Pourtant, les démocrates avaient tous les atouts en main puisque les deux dossiers en jeu — le programme CHIP et les «Dreamers» — bénéficient théoriquement d’un soutien bipartisan.
D’un côté, le Children Health Insurance Program (CHIP) est un programme d’aide financière qui garantit soins pédiatriques et obstétriques aux familles dont les revenus sont trop élevés pour qu’elles profitent du programme d’accès aux soins pour les plus pauvres (Medicaid) mais trop bas pour qu’elles souscrivent une assurance privée. Faute d’entente entre les deux partis sur la manière de le refinancer, le programme vivait depuis septembre d’expédients. Mais l’enjeu n’en était pas un : le nombre d’enfants non assurés est tombé de 15 % en 1997 à 4,6 en 2016, le programme est un succès.
Or le président est venu brouiller les cartes en mettant un terme, en septembre dernier, au programme DACA (Deferred Action for Childhood Arrivals): en 2012, Obama avait décrété un moratoire sur l’expulsion des migrants sans papiers et sans dossier criminel, arrivés avant l’âge de 16 ans aux États-Unis et avant 2007, titulaires d’un diplôme du secondaire, aux études, vétérans ou militaires actifs. 97 % des 690 000 bénéficiaires actuels sont aux études ou occupent un emploi, 5 % ont créé une entreprise (un taux supérieur à la moyenne nationale).
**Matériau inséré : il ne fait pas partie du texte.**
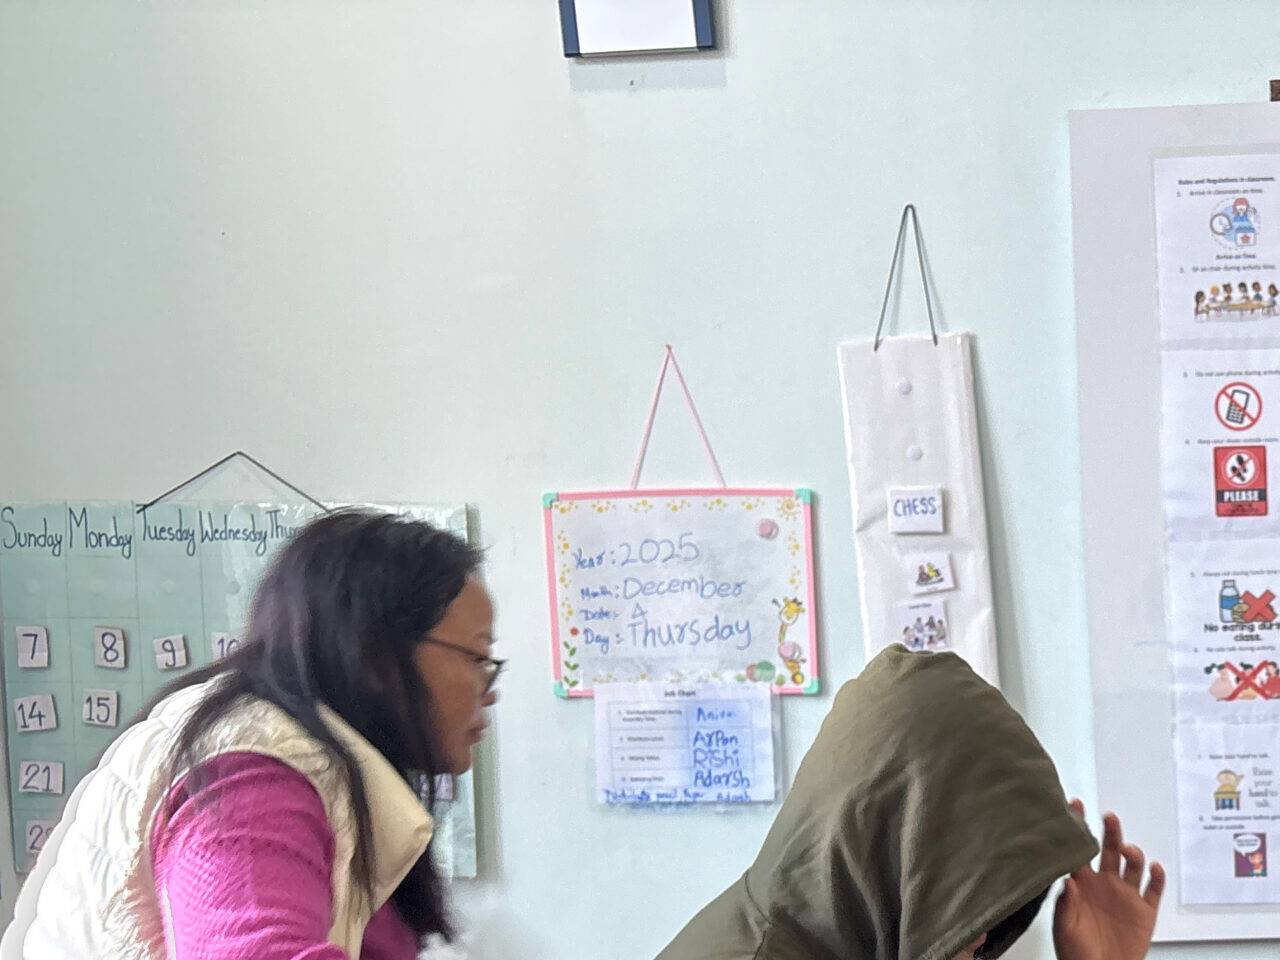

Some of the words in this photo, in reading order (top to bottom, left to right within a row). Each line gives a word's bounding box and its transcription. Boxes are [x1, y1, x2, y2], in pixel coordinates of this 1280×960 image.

[893, 496, 937, 517] CHESS
[1223, 489, 1259, 502] PLEASE
[1, 507, 62, 557] Sunday
[69, 507, 132, 559] Monday
[136, 503, 195, 556] Tuesday
[200, 510, 268, 556] Wednesday
[619, 532, 701, 567] 2025
[623, 576, 747, 600] December
[627, 614, 752, 651] Thursday
[22, 633, 38, 660] 7
[101, 632, 119, 662] 8
[161, 639, 178, 667] 9
[17, 701, 46, 729] 14
[85, 696, 111, 723] 15
[22, 763, 54, 792] 21
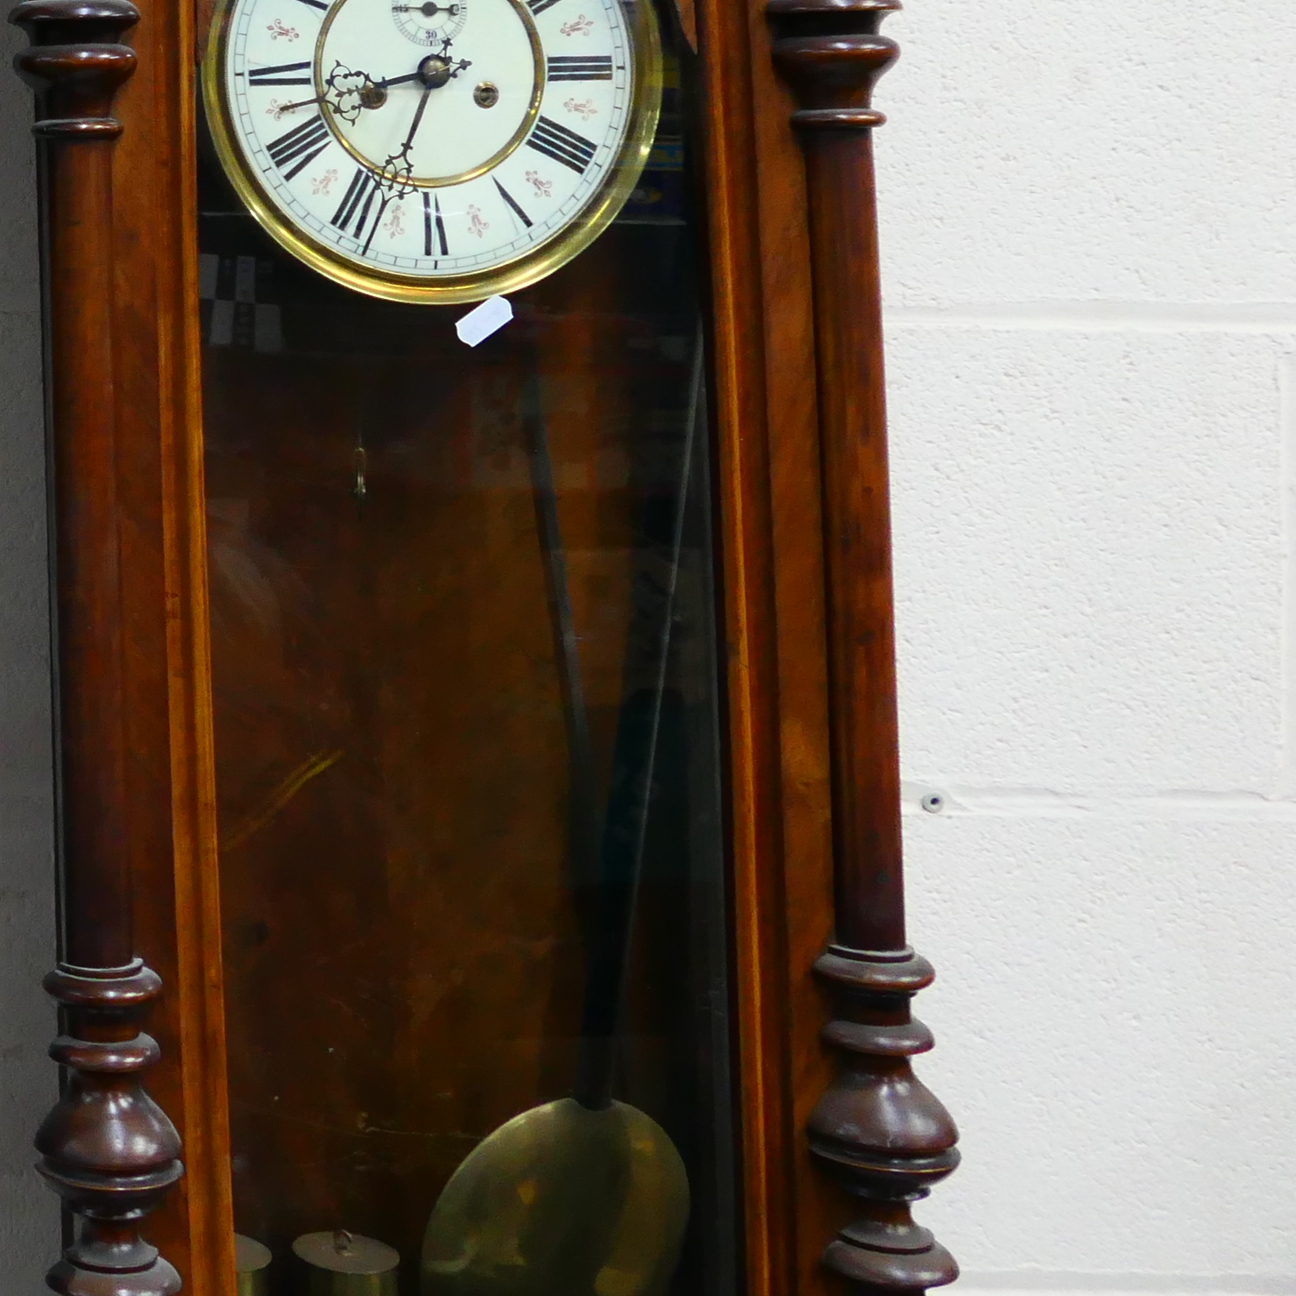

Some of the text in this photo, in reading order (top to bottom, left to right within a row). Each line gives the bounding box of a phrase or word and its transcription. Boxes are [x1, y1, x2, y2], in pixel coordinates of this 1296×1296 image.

[425, 30, 438, 39] 30
[547, 55, 613, 82] III
[265, 114, 332, 182] VIII
[423, 192, 449, 256] VI
[492, 175, 534, 235] V
Sortis de l’ombre, ils contribuent directement par prélèvements sociaux à Medicare et à Medicaid, qui commencent déjà à pâtir d’une pyramide des âges inversée.
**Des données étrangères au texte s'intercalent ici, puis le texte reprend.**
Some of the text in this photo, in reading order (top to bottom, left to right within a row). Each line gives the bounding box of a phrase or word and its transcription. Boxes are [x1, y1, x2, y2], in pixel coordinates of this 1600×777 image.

Lorsque le ministre de la Justice Sessions a défini ce moratoire comme une amnistie qui ne peut être édictée par décret mais par une loi — d’où le fait que le Congrès se retrouve aux prises avec cet enjeu —, il a légitimé son abrogation en invoquant le marché du travail et l’économie. Mais selon une étude du (libéral) Center for American Progress, l’abolition définitive de ce moratoire — sans parler du coût faramineux de cette expulsion massive : 60 milliards — pourrait avoir un impact désastreux, engendrant dans la prochaine décennie une perte de 24,6 milliards de dollars en contributions à Medicare et à Medicaid et, selon le CATO Institute (centre libertarien fondé par la fondation C. Koch), une contraction de la croissance de 280 milliards. Le National Bureau for Economic Research ajoute d’ailleurs que les expériences antérieures (comme l’abolition en 1964 du programme Bracero qui permettait aux Mexicains de venir travailler dans les fermes américaines) n’ont conduit ni à une augmentation des salaires des Américains ni à une réduction du taux de chômage.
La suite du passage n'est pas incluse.